* _THE TASK_: Copy the data precisely, character for character, and leave out every picture.

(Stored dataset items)
┌──
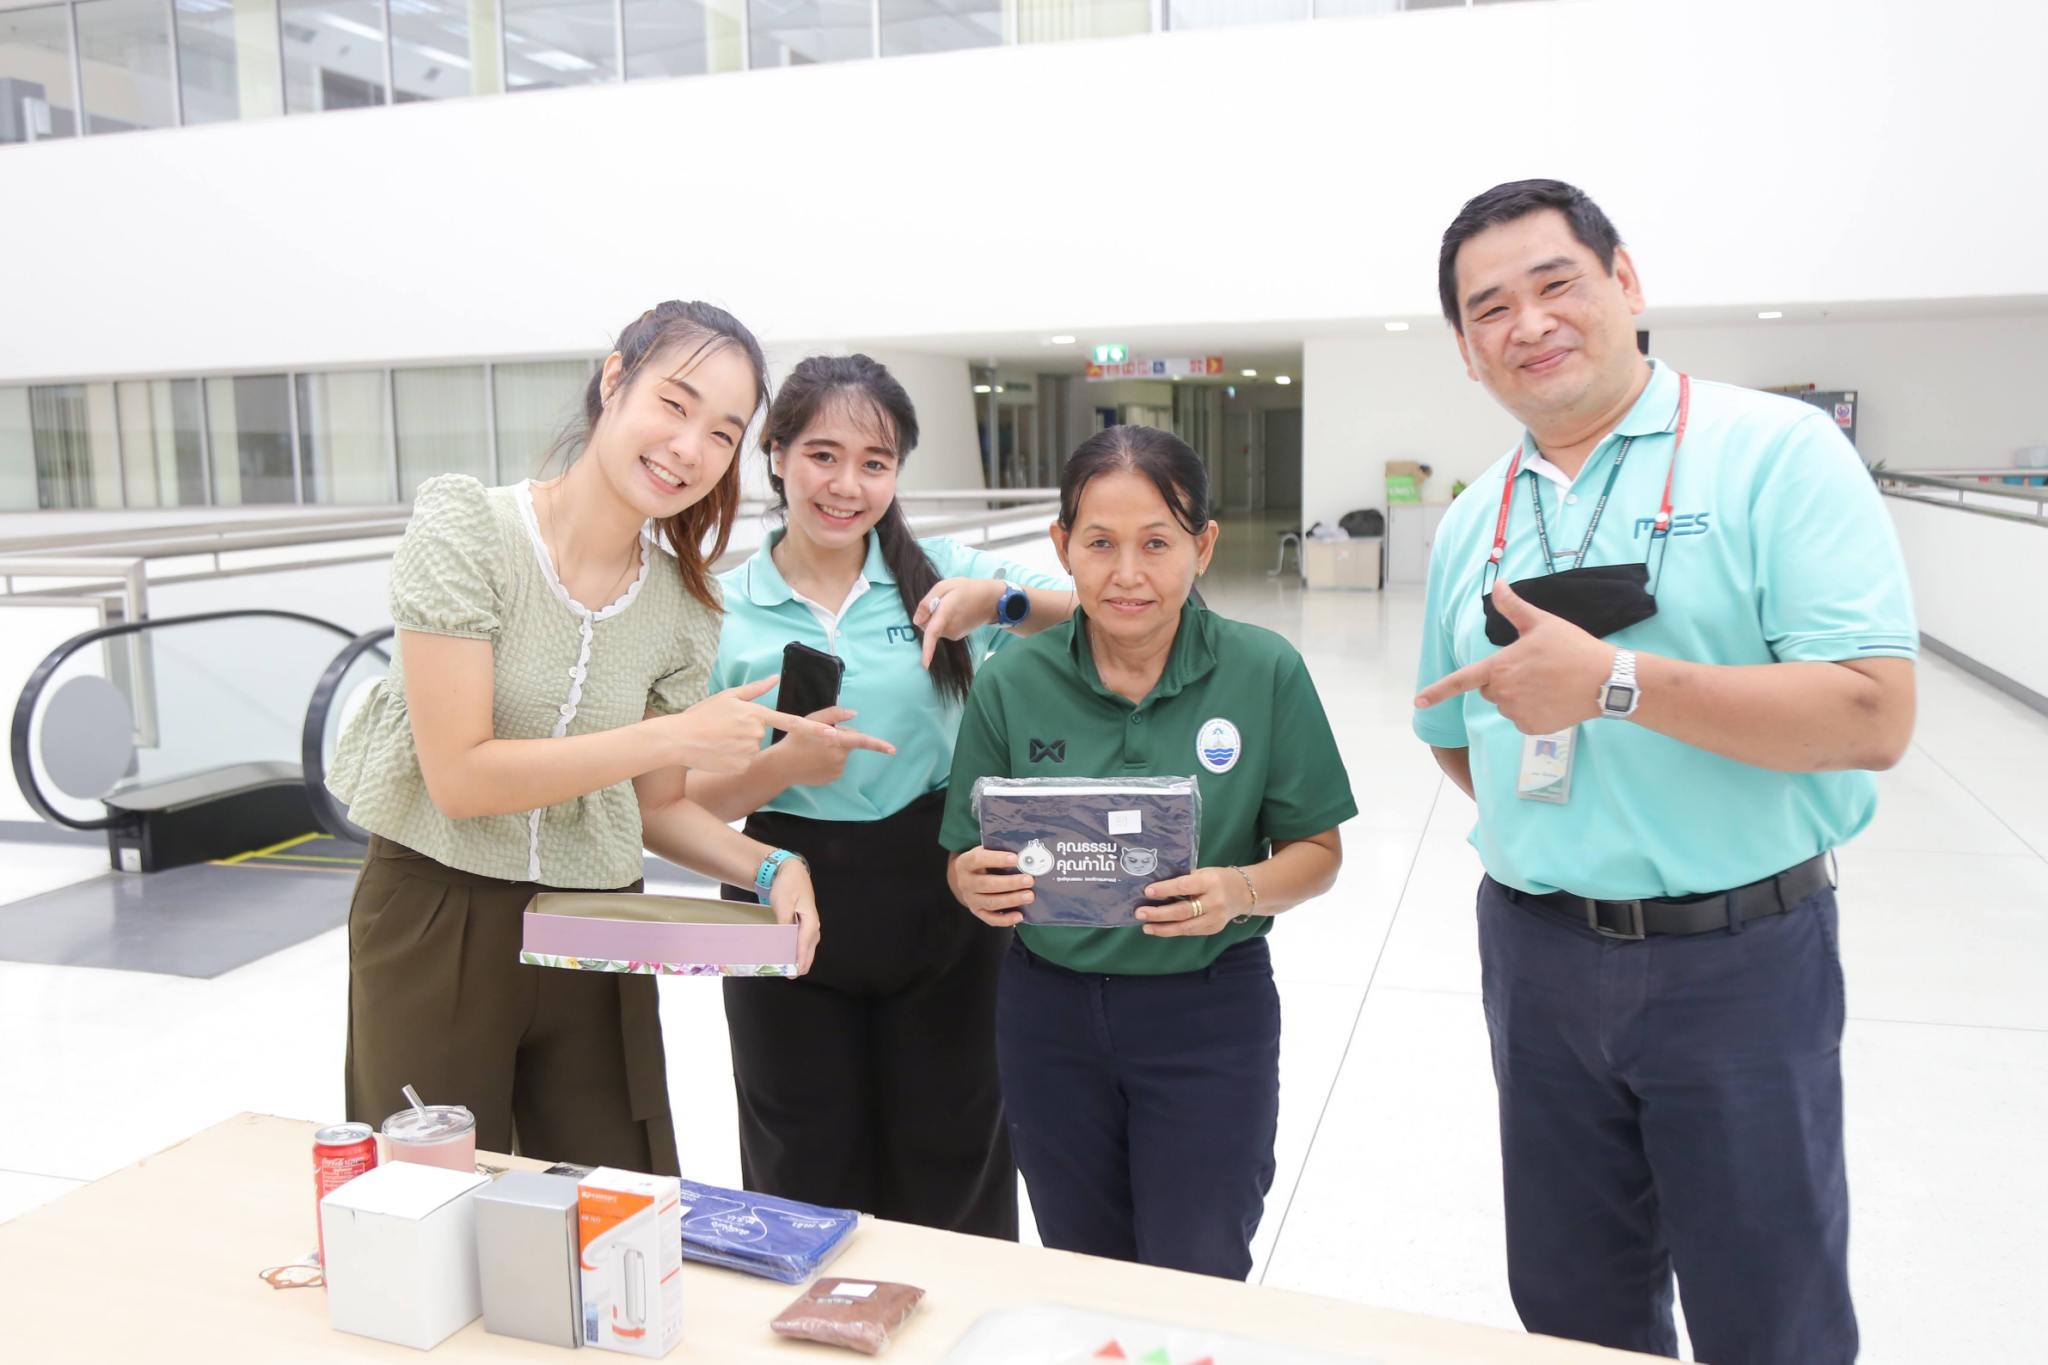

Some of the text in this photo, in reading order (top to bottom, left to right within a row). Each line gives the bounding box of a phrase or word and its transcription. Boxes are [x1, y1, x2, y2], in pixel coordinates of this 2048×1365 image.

[1056, 841, 1118, 856] คุณธรรม
[1056, 854, 1118, 875] คุณทำได้
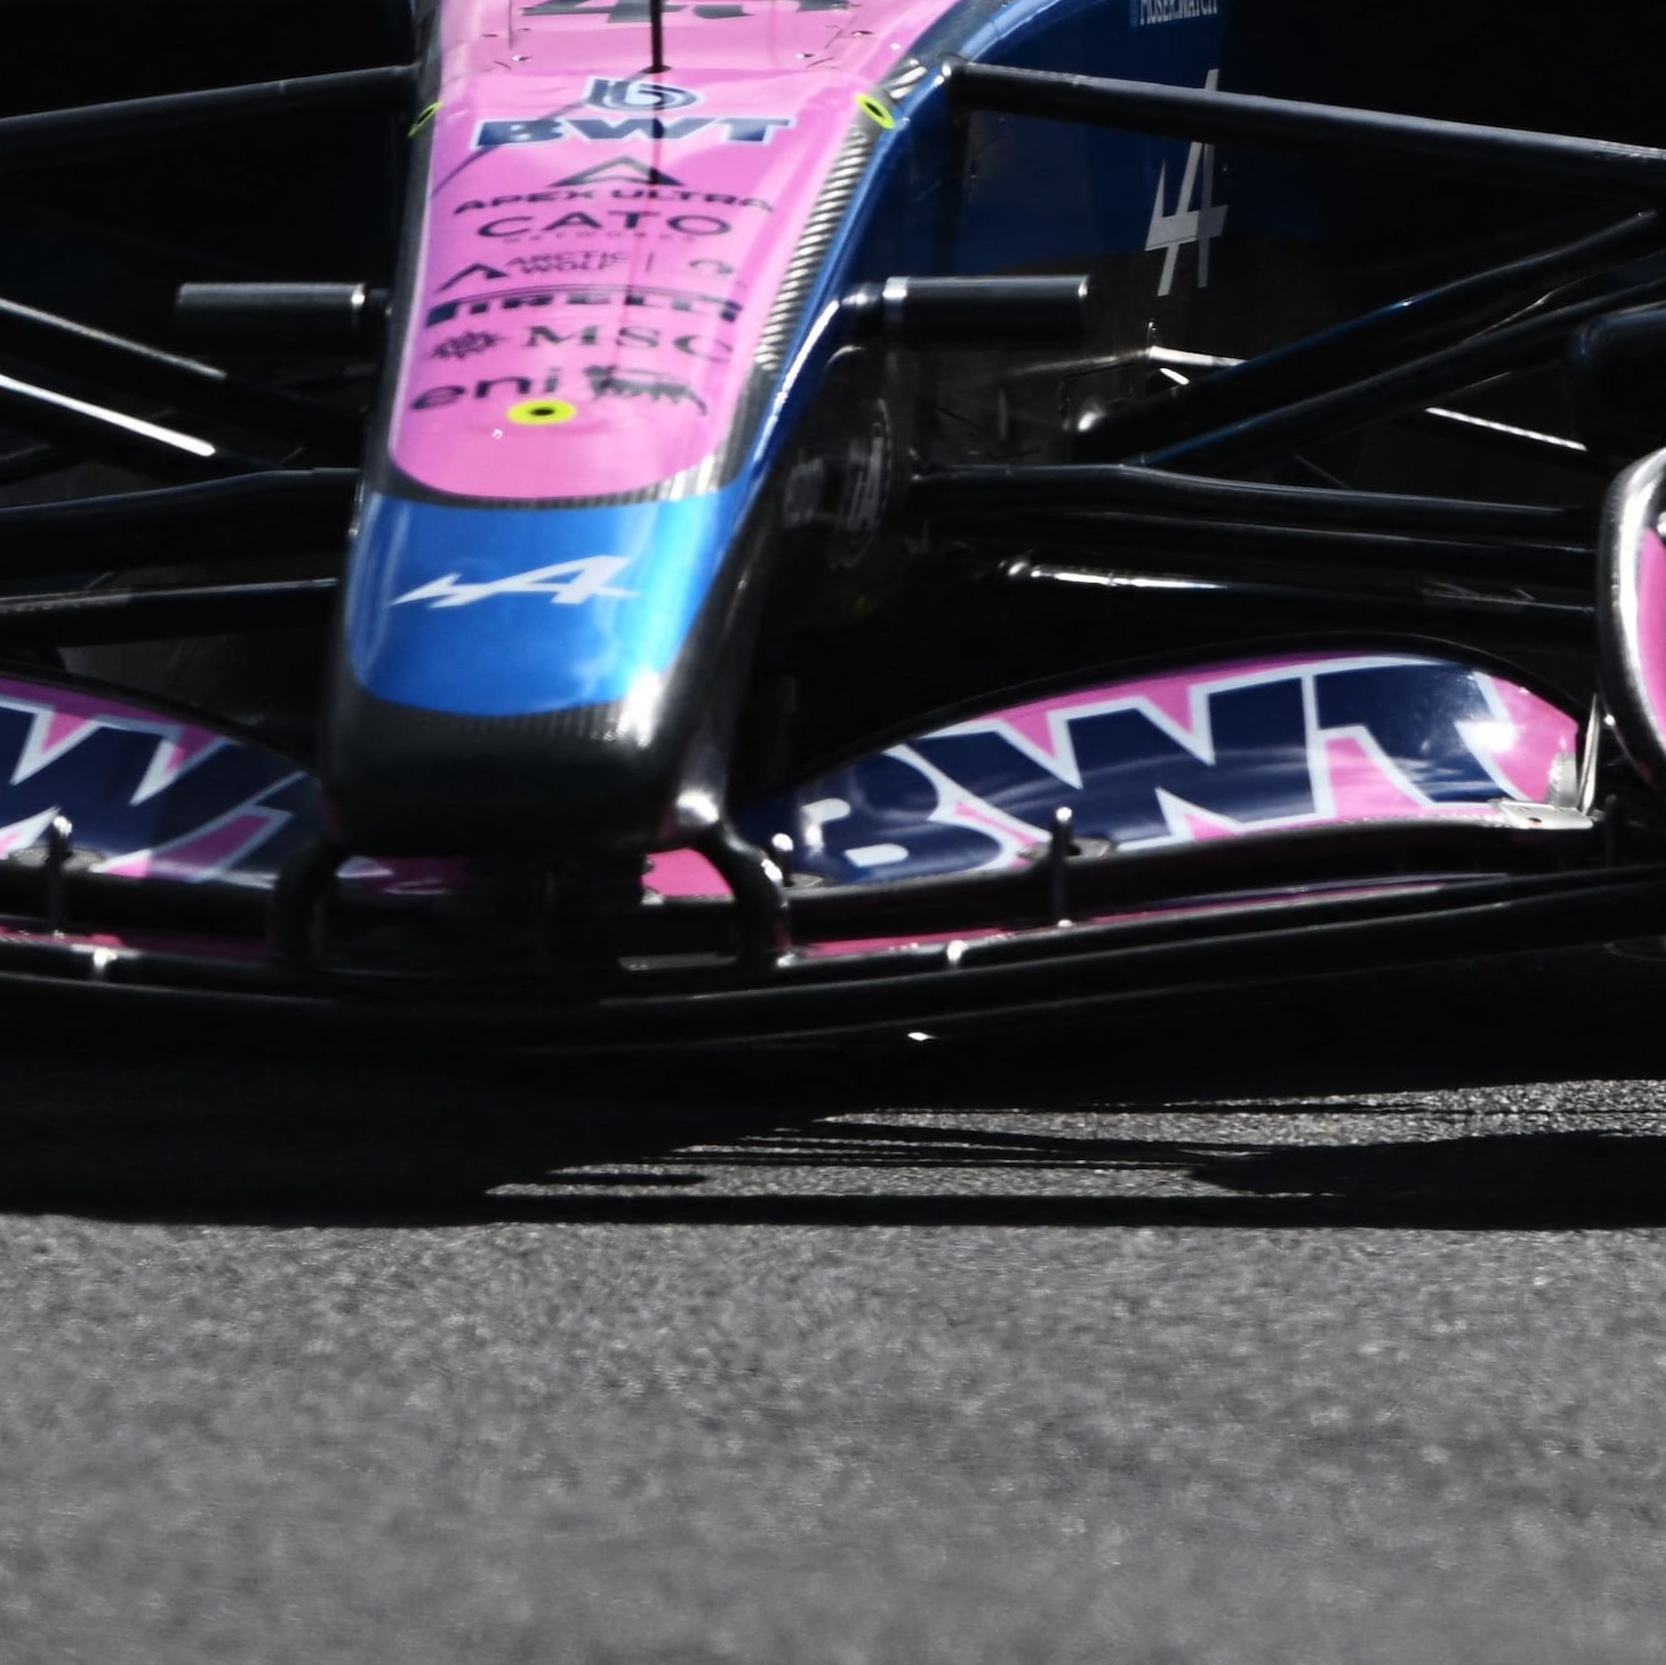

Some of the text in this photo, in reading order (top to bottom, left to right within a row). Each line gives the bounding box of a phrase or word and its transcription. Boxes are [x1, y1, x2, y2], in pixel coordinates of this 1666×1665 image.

[471, 117, 795, 150] BWT
[454, 188, 775, 215] APEX ULTRA
[477, 210, 733, 238] CATO
[425, 283, 744, 329] PIRELLI
[525, 325, 735, 365] MSC
[411, 368, 562, 411] eni
[738, 656, 1518, 884] BWT
└──
* _TASK ANSWER_:
Some of the text in this photo, in reading order (top to bottom, left to right within a row). Each line gives the bounding box of a phrase or word and its transcription. Boxes are [x1, y1, x2, y2], in pixel coordinates of this 2048×1365 image.

[1056, 841, 1118, 856] คุณธรรม
[1056, 854, 1118, 875] คุณทำได้

Some of the text in this photo, in reading order (top to bottom, left to right within a row). Each line gives the bounding box of a phrase or word and its transcription. Boxes are [x1, y1, x2, y2], in pixel coordinates of this 1666×1665 image.

[471, 117, 795, 150] BWT
[454, 188, 775, 215] APEX ULTRA
[477, 210, 733, 238] CATO
[425, 283, 744, 329] PIRELLI
[525, 325, 735, 365] MSC
[411, 368, 562, 411] eni
[738, 656, 1518, 884] BWT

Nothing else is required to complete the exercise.